FOOD Roughly a month after Sabrosa opened its tinted doors to flocks of the rarer type of Marina patron — one hungry for trend-pushing, flavor-forward cuisine — word got out that the plates outshine the cocktails at this upscale Mexican restaurant and bar.

With Chef Jose Ramos of Nopalito at the stove, braising up a mole-darkened storm of costilla de puerco, it’s easy to taste why. The confit pork short ribs slid off the bone with more ease than it took to scoop up mashed plantains. The Veracruzan Xico mole intertwined spices sweet, savory, and earthy all at once, imbibing the meat with a moisture so viscous (and I say this with only the highest compliments) that I mistook myself for an earthworm and the mole for luscious mud. I wanted to bottle it and drink it through a straw.

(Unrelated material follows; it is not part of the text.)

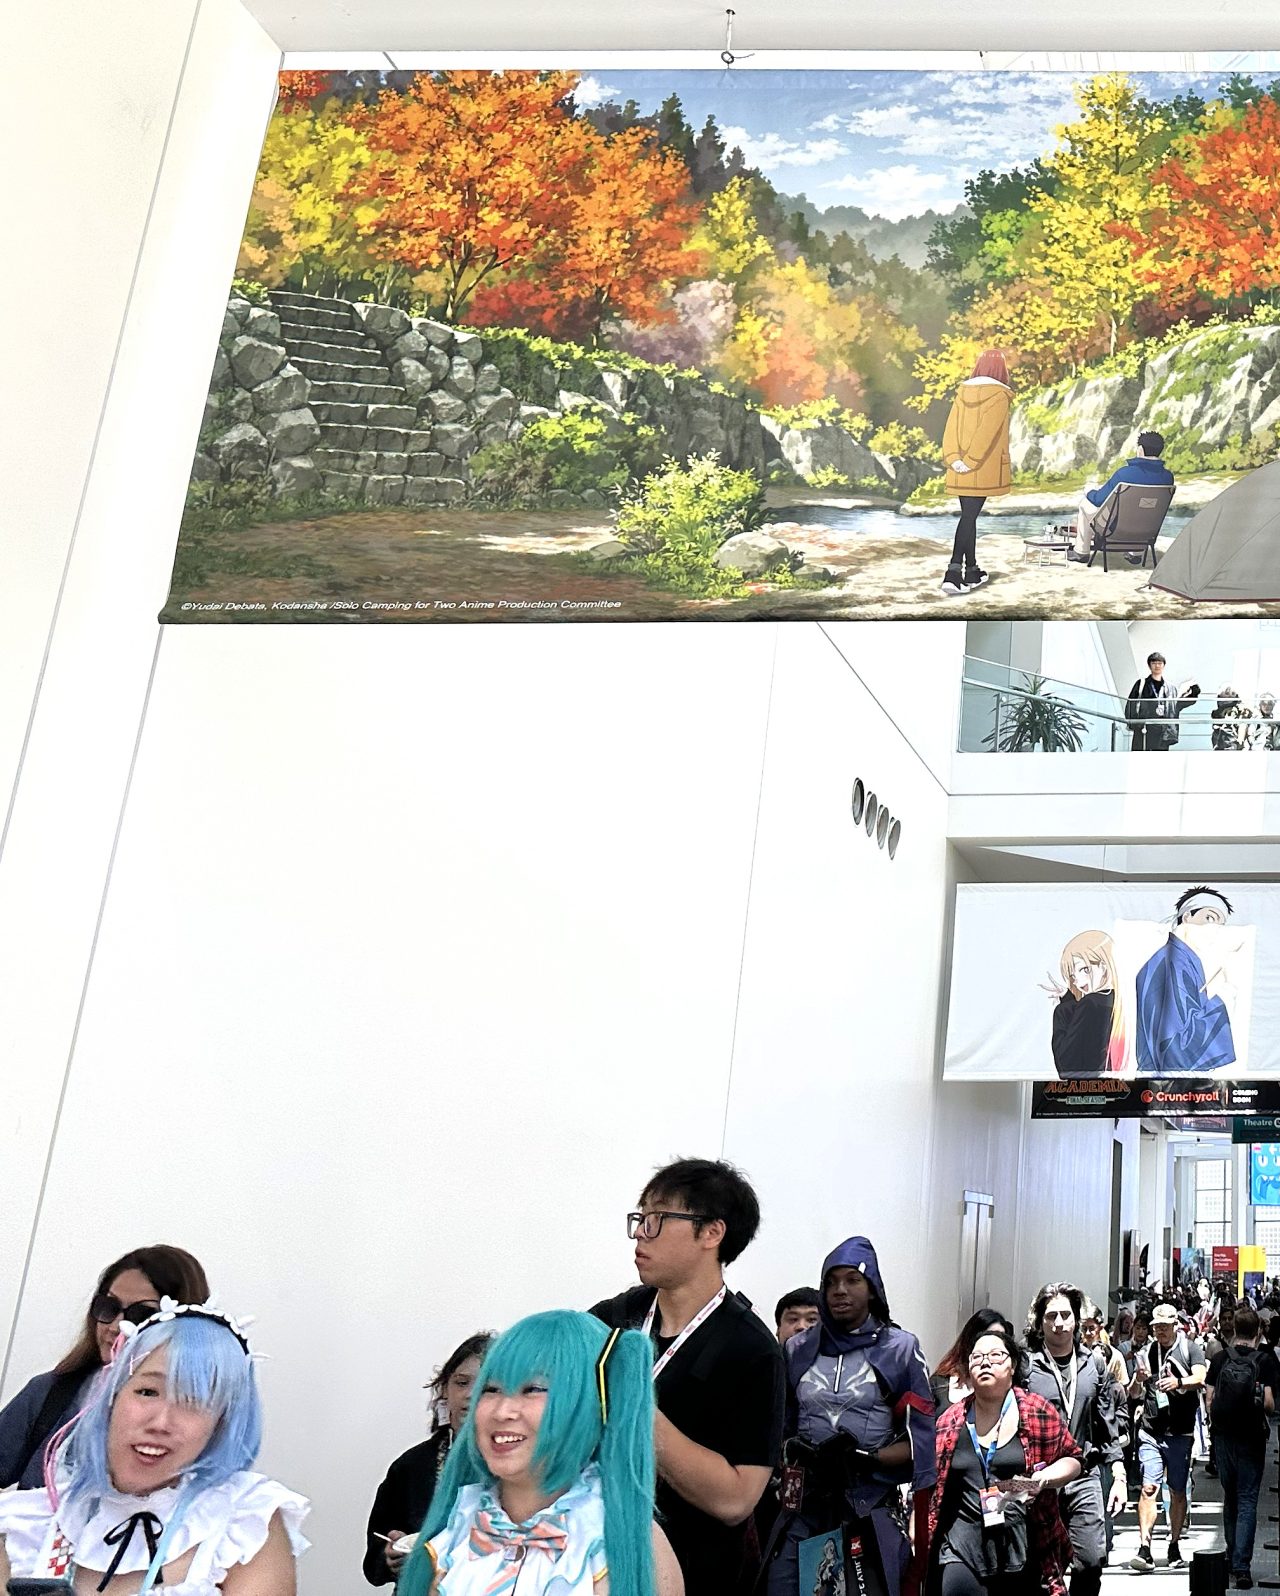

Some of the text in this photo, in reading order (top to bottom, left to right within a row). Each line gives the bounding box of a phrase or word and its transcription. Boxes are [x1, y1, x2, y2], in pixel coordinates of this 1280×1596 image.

Ramos’ dishes manifest from memories of growing up as a child on a small farm in Guanajuato, Mexico. Recipes taught by his mother, aunt, and grandmother surface on the menu, recast as gourmet. The food captures a cultural authenticity of various regions of Mexico while contributing to the newest trend in local eateries: high-end Mexican. Much like the decades-old “California Cuisine” pioneered by Alice Waters, this modern twist on Mexican cooking conjures up a vision of authenticity while keeping a cactus-like claw on top of the fine dining scene.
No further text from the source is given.